Besenreiser sind nicht zu verwechseln mit Krampfadern, bei denen es sich um erweiterte Venen handelt, die sich knotenförmig und blau auf der Haut abzeichnen. Besenreiser sind meistens harmlos, sollten jedoch von einem Arzt untersucht werden, um ein Venenleiden auszuschließen. In vielen Fällen stören die Besenreiser nur, weil hellrote Gefäße, blaue Äderchen oder rötliche Flecken durch die Haut schimmern und somit unschön aussehen. Besenreiser sind kleine Adern, die sich erweitert und mit Blut gefüllt haben. Sie treten meistens bei einer angeborenen Schwäche des Bindegewebes auf und können auf ein Venenleiden hinweisen, da sie mit größeren Venen in Verbindung stehen. Doch Sie können etwas gegen Besenreiser tun und einfach auf ein paar grundlegende Dinge im Alltag achten.

Ursachen für Besenreiser

  • Nicht nur eine Schwäche des Bindegewebes kann Besenreiser begünstigen, sondern auch mangelnde Bewegung, langes Sitzen, Übergewicht, Schuhe mit hohem Absatz, die Antibabypille oder Rauchen können Besenreiser herbeiführen.
  • Schwere Beine sind bereits ein Anzeichen dafür, dass mit Ihren Venen etwas nicht stimmen kann.
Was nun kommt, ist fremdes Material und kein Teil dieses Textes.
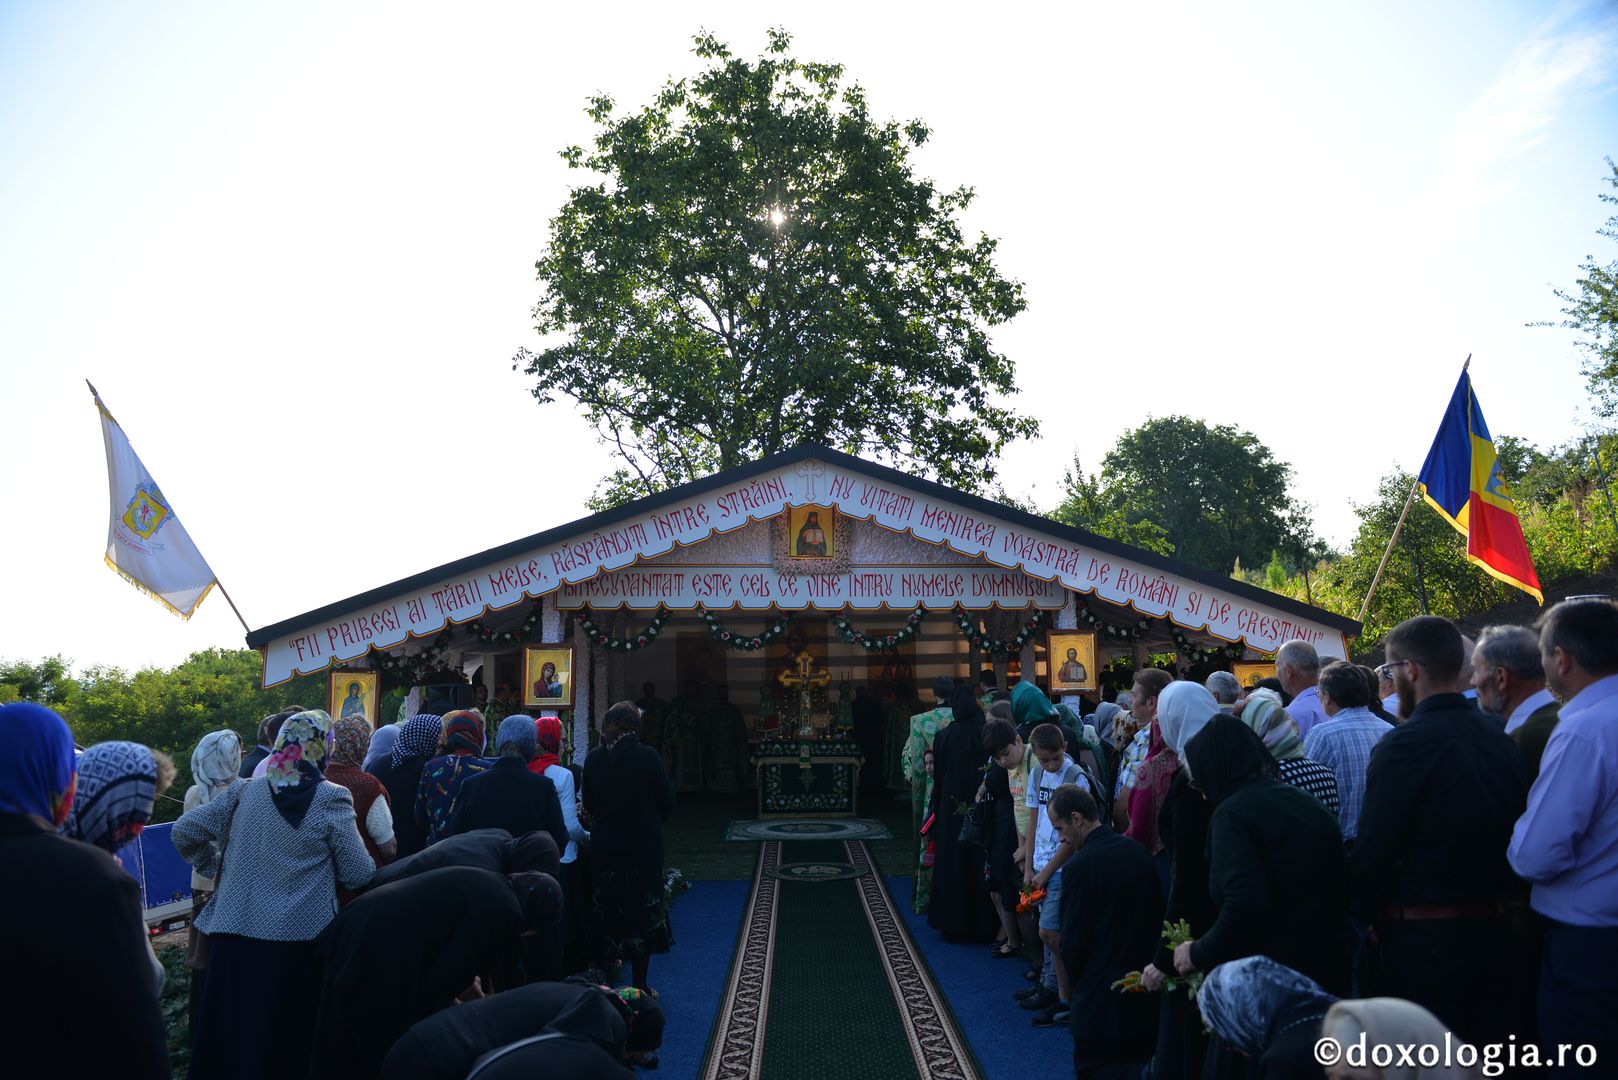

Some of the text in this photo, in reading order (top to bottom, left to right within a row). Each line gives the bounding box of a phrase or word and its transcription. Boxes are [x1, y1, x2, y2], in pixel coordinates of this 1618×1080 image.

[326, 606, 400, 651] PRIBEGI
[407, 597, 427, 624] AI
[488, 559, 548, 597] MELE,
[650, 503, 710, 541] ÎNTRE
[716, 475, 793, 519] STRĂINI,
[691, 573, 733, 597] ESTE
[740, 573, 770, 597] CEL
[777, 573, 798, 597] CE
[806, 574, 841, 597] VINE
[901, 573, 964, 597] NUMELE
[829, 474, 856, 500] NU
[920, 503, 996, 548] MENIREA
[1086, 558, 1110, 585] DE
[1115, 567, 1179, 608] ROMÂNI
[1207, 597, 1231, 624] DE
Um dem vorzubeugen, müssen Sie Ihre Beine regelmäßig hochlegen. Sie sollten auch nachts immer etwas höher als der Kopf liegen.
  • Tragen Sie nicht den ganzen Tag Pumps, sondern wechseln Sie stundenweise auch mal zu flachen, bequemen Schuhen. Machen Sie kalt-warme Wechselduschen, indem Sie die Beine von unten nach oben abbrausen und so die Durchblutung anregen.
  • Planen Sie am Tag mehrere kleine Spaziergänge ein, um die Beine auf Trab zu halten. Versuchen Sie außerdem, jede Stunde mindestens ein Glas Wasser zu trinken.
  • Omega-3-Fettsäuren halten die Venen von innen flexibel und sind in verschiedenen Fischsorten zu finden. Auf langen Reisen oder Flügen sollten Sie vorbeugend Kompressionsstrümpfe tragen.
  • Außerdem sind Produkte wie Cremes, Gels oder Kapseln mit rotem Weinlaub- oder Rosskastanien-Extrakt sinnvoll gegen Besenreiser, da sie die Durchblutung steigern.

Übungen gegen Besenreiser

  • Stellen Sie sich gerade hin und heben Sie abwechselnd die Fersen an und senken sie anschließend wieder ab. Strecken Sie ein Bein im Sitzen waagerecht nach vorne und kreisen das Fußgelenk abwechselnd nach innen und außen. Danach das Bein wechseln.
  • Es gibt jedoch auch die Möglichkeit, die Besenreiser durch medizinische Eingriffe zu verschließen oder zu veröden. Erkundigen Sie sich hierfür bei einem Phlebologen, der auf Venen spezialisiert ist und spezielle Eingriffe gegen Besenreiser durchführen kann.